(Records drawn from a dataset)
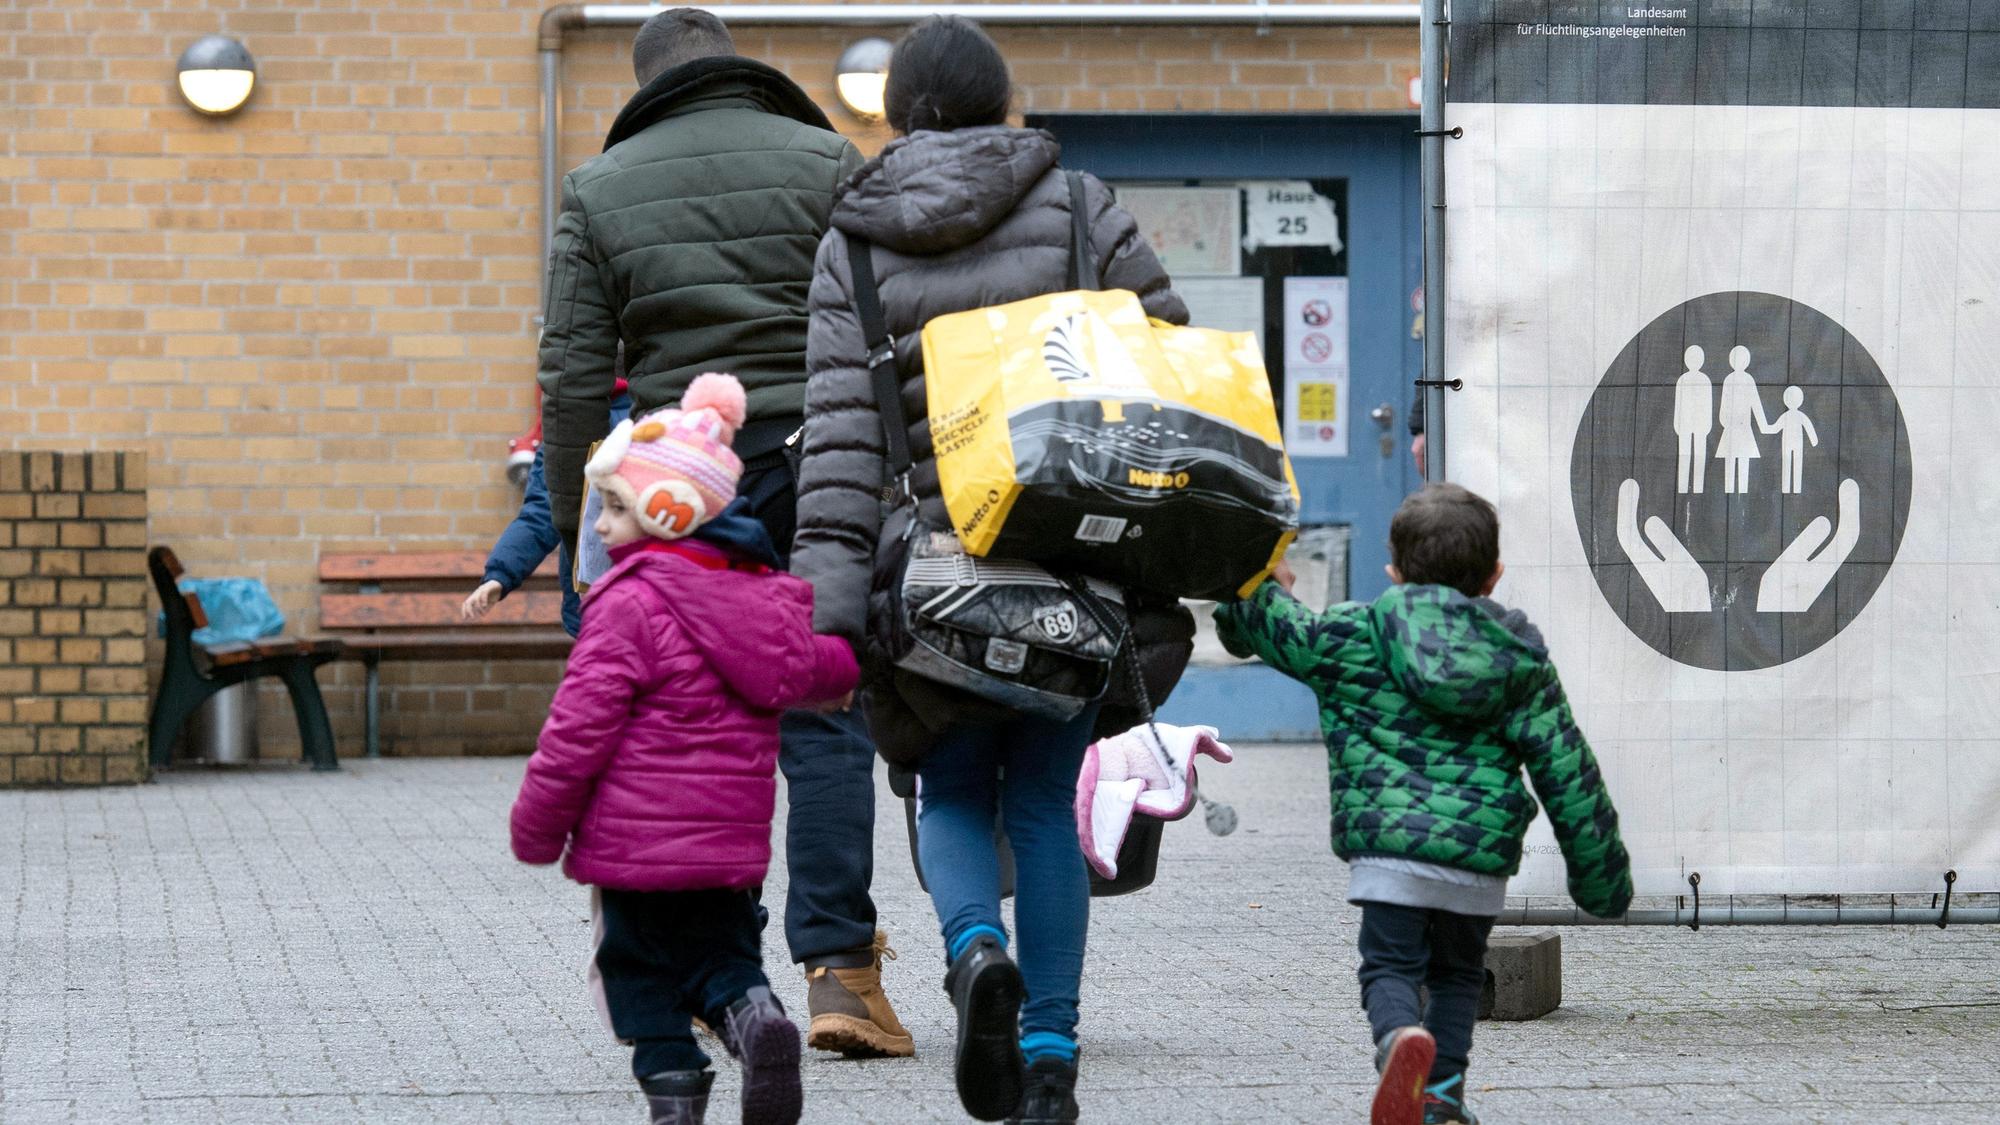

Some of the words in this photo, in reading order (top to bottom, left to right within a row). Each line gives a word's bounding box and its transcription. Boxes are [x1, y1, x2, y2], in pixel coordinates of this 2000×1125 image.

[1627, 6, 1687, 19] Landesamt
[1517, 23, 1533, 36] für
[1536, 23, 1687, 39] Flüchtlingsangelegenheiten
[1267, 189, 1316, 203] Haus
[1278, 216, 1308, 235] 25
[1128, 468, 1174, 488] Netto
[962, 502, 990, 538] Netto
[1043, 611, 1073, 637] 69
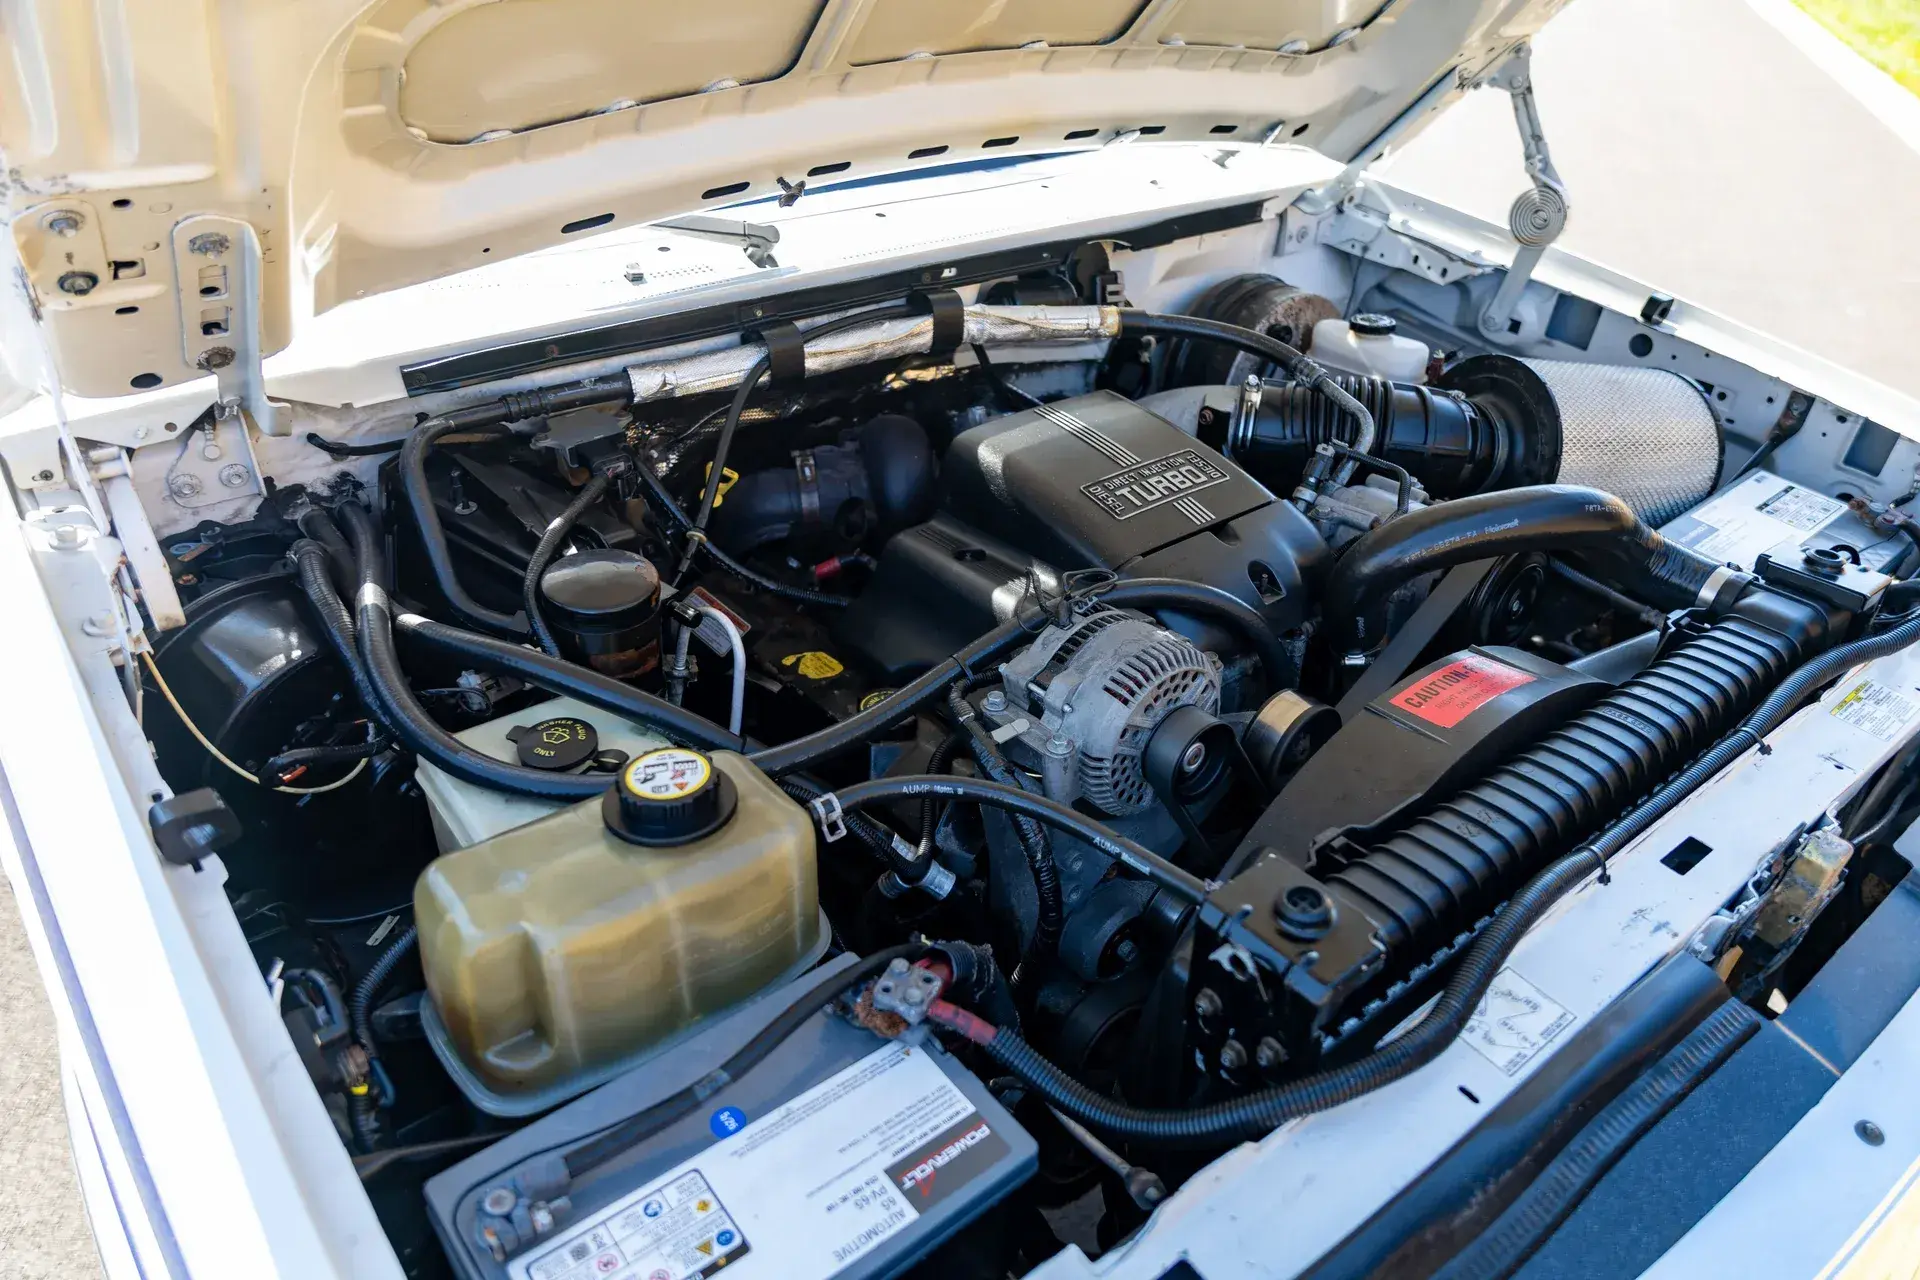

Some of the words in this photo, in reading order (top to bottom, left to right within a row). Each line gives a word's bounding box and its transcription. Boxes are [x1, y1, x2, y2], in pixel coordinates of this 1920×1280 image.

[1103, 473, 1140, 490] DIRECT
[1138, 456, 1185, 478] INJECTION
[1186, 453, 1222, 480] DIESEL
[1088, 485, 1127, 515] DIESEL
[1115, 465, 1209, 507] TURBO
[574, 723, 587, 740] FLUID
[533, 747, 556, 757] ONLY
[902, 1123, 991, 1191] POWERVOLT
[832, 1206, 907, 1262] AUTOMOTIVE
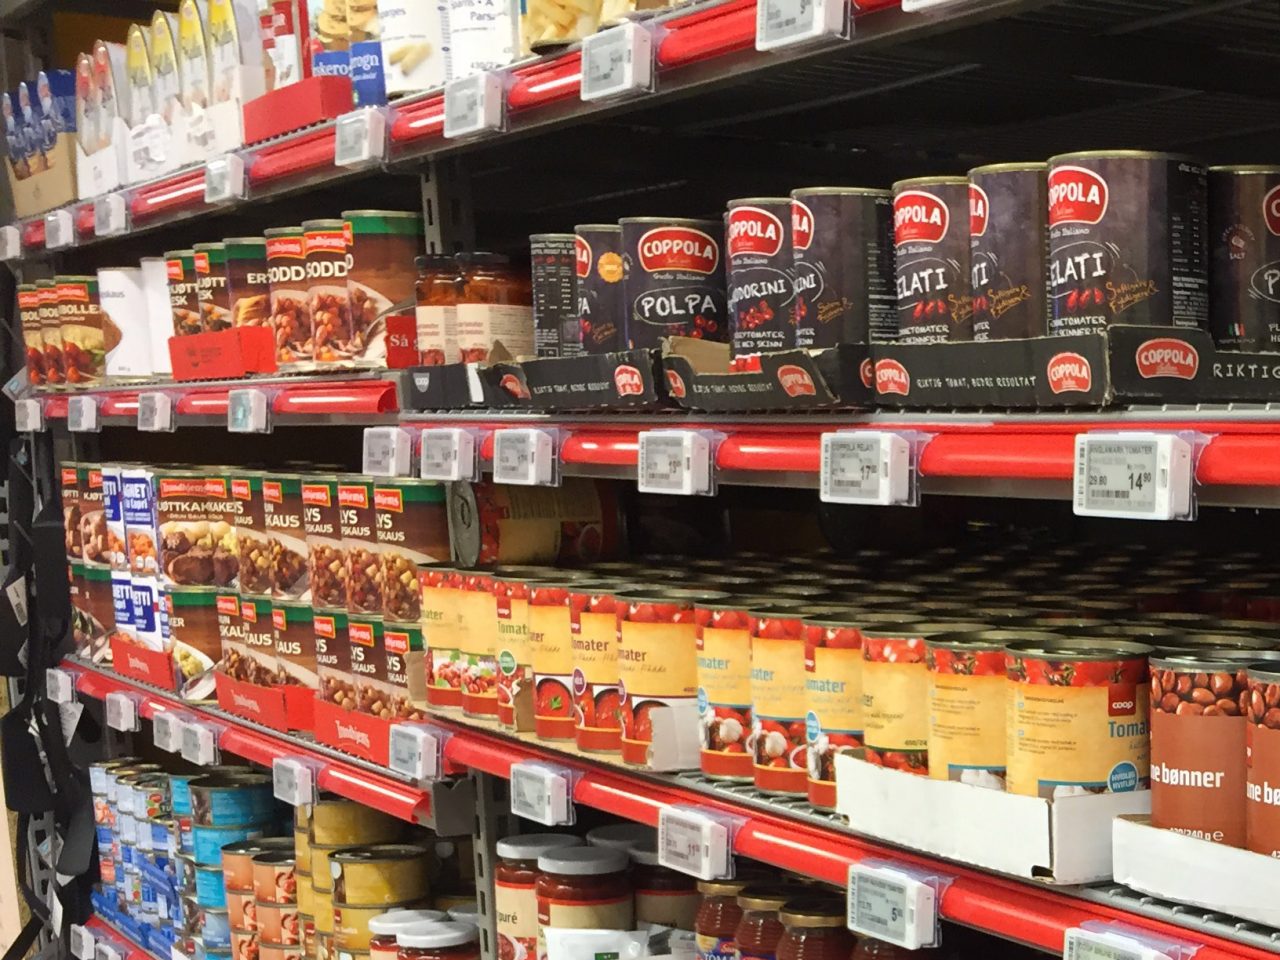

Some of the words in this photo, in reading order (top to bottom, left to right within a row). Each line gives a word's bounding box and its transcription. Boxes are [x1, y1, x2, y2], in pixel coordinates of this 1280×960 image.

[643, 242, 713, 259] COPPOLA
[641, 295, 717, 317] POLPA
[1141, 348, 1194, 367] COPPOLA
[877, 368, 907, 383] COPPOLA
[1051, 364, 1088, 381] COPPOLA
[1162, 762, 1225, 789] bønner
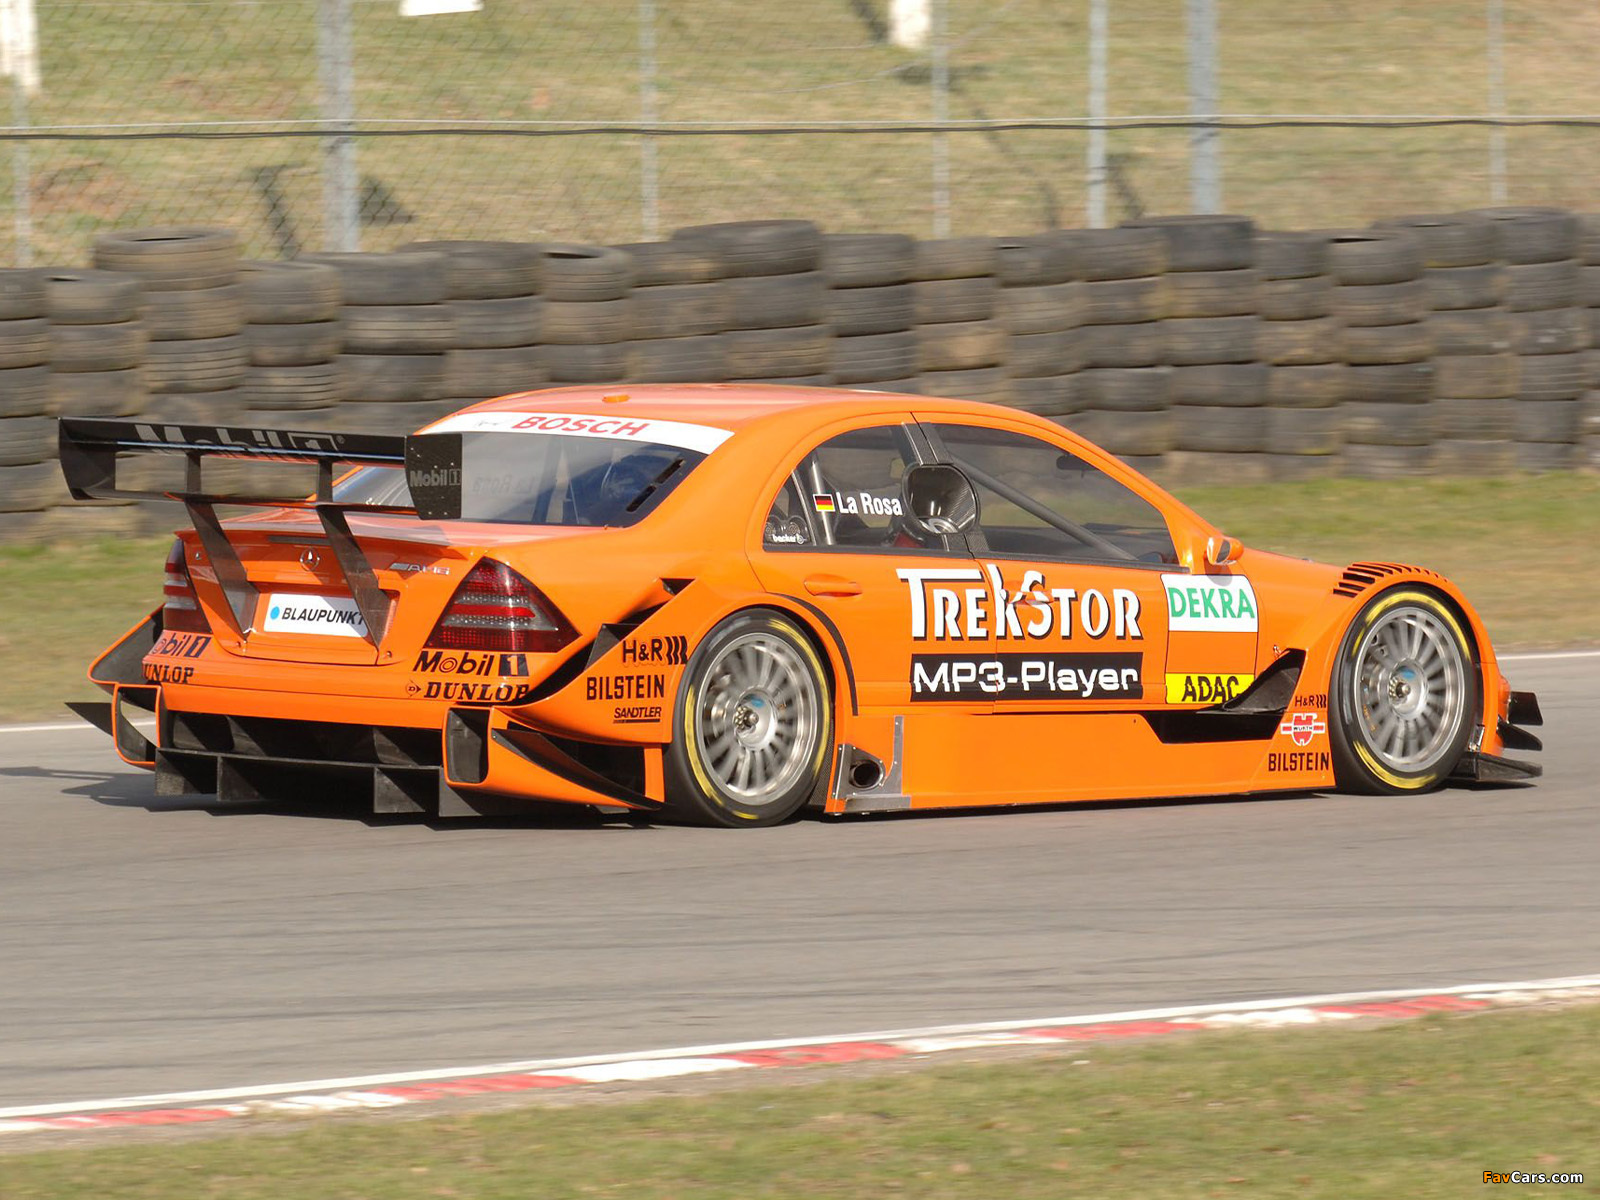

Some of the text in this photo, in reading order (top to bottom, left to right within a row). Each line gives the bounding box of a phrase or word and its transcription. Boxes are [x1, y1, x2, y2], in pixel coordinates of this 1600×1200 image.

• **About this exercise**: Apart from the pictures, the entries above are to be repeated in full and exactly.

• **Result for this exercise**:
Some of the words in this photo, in reading order (top to bottom, left to right within a row). Each line gives a word's bounding box and its transcription. Boxes are [x1, y1, x2, y2], in pixel coordinates of this 2000×1125 image.

[1627, 6, 1687, 19] Landesamt
[1517, 23, 1533, 36] für
[1536, 23, 1687, 39] Flüchtlingsangelegenheiten
[1267, 189, 1316, 203] Haus
[1278, 216, 1308, 235] 25
[1128, 468, 1174, 488] Netto
[962, 502, 990, 538] Netto
[1043, 611, 1073, 637] 69

Some of the words in this photo, in reading order (top to bottom, left to right within a row). Each line gives a word's bounding box and its transcription. Boxes are [x1, y1, x2, y2], in pixel coordinates of this 1920×1280 image.

[1103, 473, 1140, 490] DIRECT
[1138, 456, 1185, 478] INJECTION
[1186, 453, 1222, 480] DIESEL
[1088, 485, 1127, 515] DIESEL
[1115, 465, 1209, 507] TURBO
[574, 723, 587, 740] FLUID
[533, 747, 556, 757] ONLY
[902, 1123, 991, 1191] POWERVOLT
[832, 1206, 907, 1262] AUTOMOTIVE

Some of the words in this photo, in reading order (top to bottom, left to right within a row). Each line gives a word's bounding box and its transcription. Boxes are [x1, y1, x2, y2], in pixel coordinates of this 1280×960 image.

[643, 242, 713, 259] COPPOLA
[641, 295, 717, 317] POLPA
[1141, 348, 1194, 367] COPPOLA
[877, 368, 907, 383] COPPOLA
[1051, 364, 1088, 381] COPPOLA
[1162, 762, 1225, 789] bønner

Some of the text in this photo, in reading order (top to bottom, left to right within a row). Each line gives the bounding box of a phrase or word and its transcription. Boxes are [x1, y1, x2, y2], in pixel coordinates of this 1600×1200 image.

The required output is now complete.